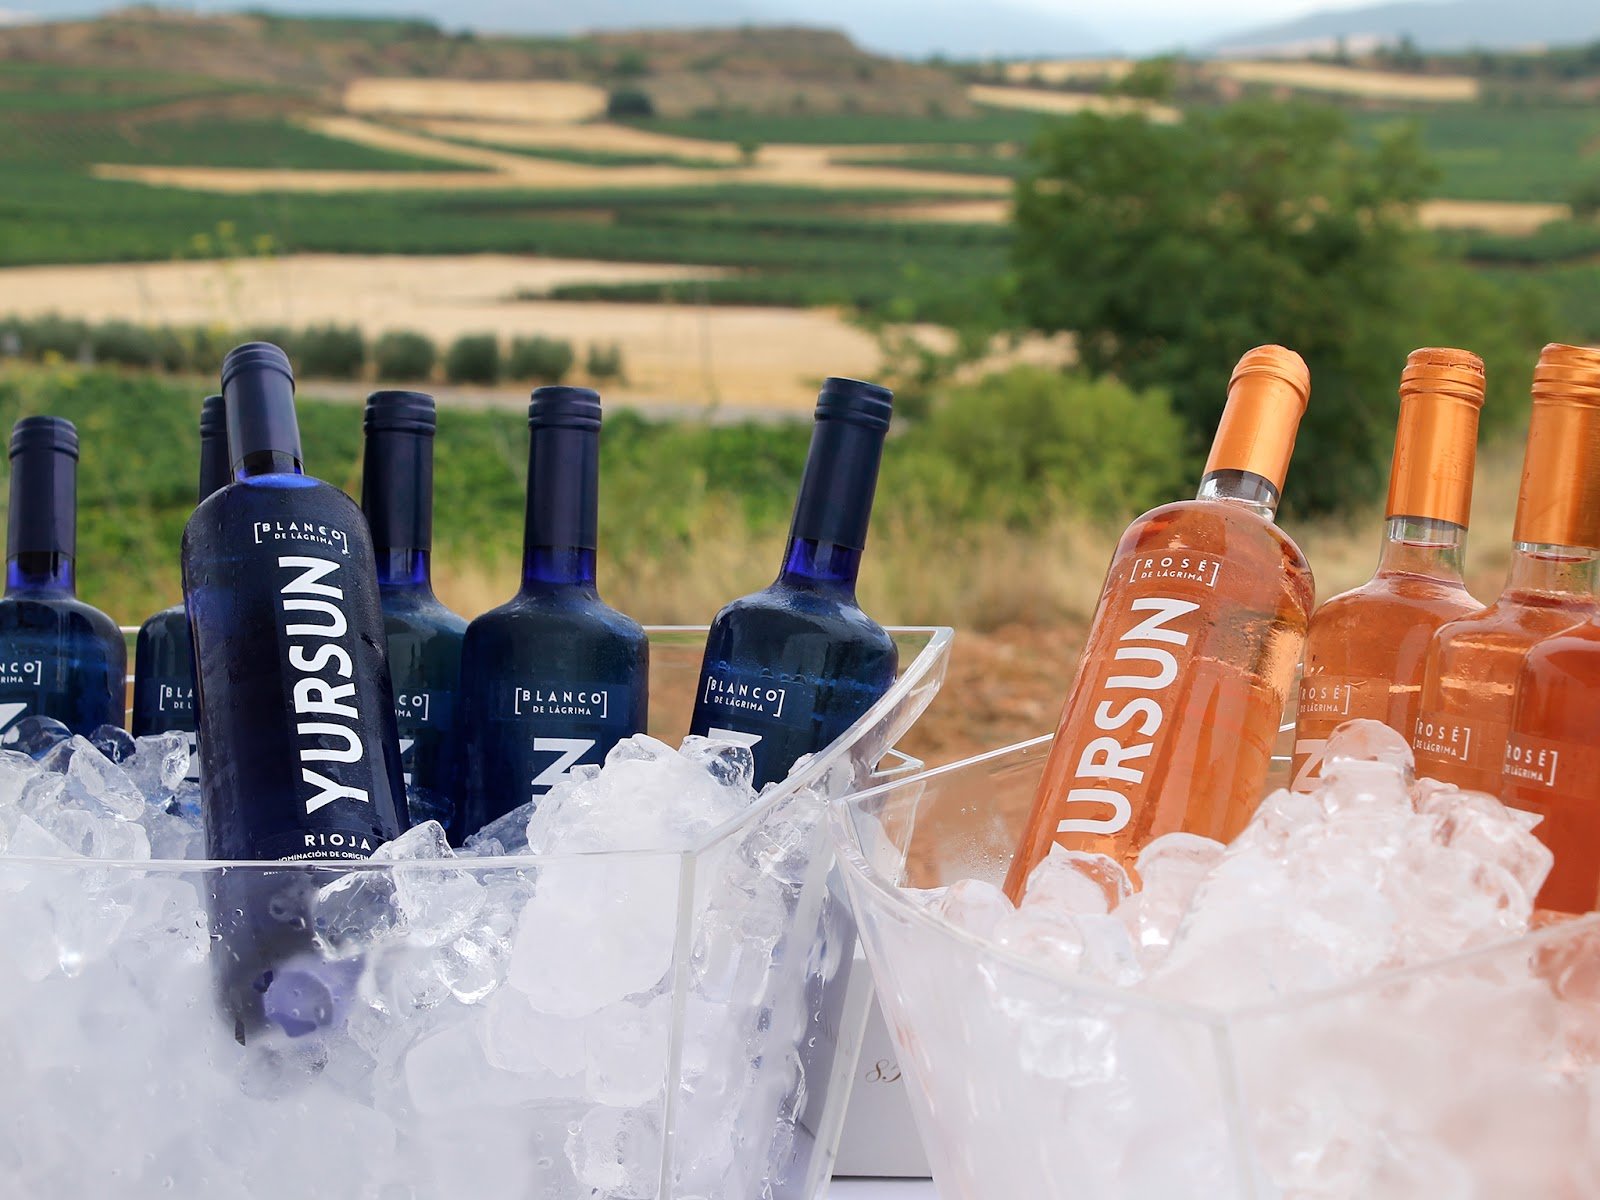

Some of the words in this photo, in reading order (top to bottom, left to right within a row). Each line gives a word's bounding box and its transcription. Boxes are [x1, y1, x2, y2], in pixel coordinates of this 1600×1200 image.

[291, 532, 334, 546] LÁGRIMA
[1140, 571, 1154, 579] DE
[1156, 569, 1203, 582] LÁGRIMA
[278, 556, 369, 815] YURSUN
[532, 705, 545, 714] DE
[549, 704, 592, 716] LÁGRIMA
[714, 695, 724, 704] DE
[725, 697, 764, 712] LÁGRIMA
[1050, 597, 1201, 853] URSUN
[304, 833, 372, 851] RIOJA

*Goal of the exercise*
Print the entries above exactly, taking out only the pictures.

*Task answer*
Some of the words in this photo, in reading order (top to bottom, left to right within a row). Each line gives a word's bounding box and its transcription. Boxes are [x1, y1, x2, y2], in pixel coordinates of this 1600×1200 image.

[291, 532, 334, 546] LÁGRIMA
[1140, 571, 1154, 579] DE
[1156, 569, 1203, 582] LÁGRIMA
[278, 556, 369, 815] YURSUN
[532, 705, 545, 714] DE
[549, 704, 592, 716] LÁGRIMA
[714, 695, 724, 704] DE
[725, 697, 764, 712] LÁGRIMA
[1050, 597, 1201, 853] URSUN
[304, 833, 372, 851] RIOJA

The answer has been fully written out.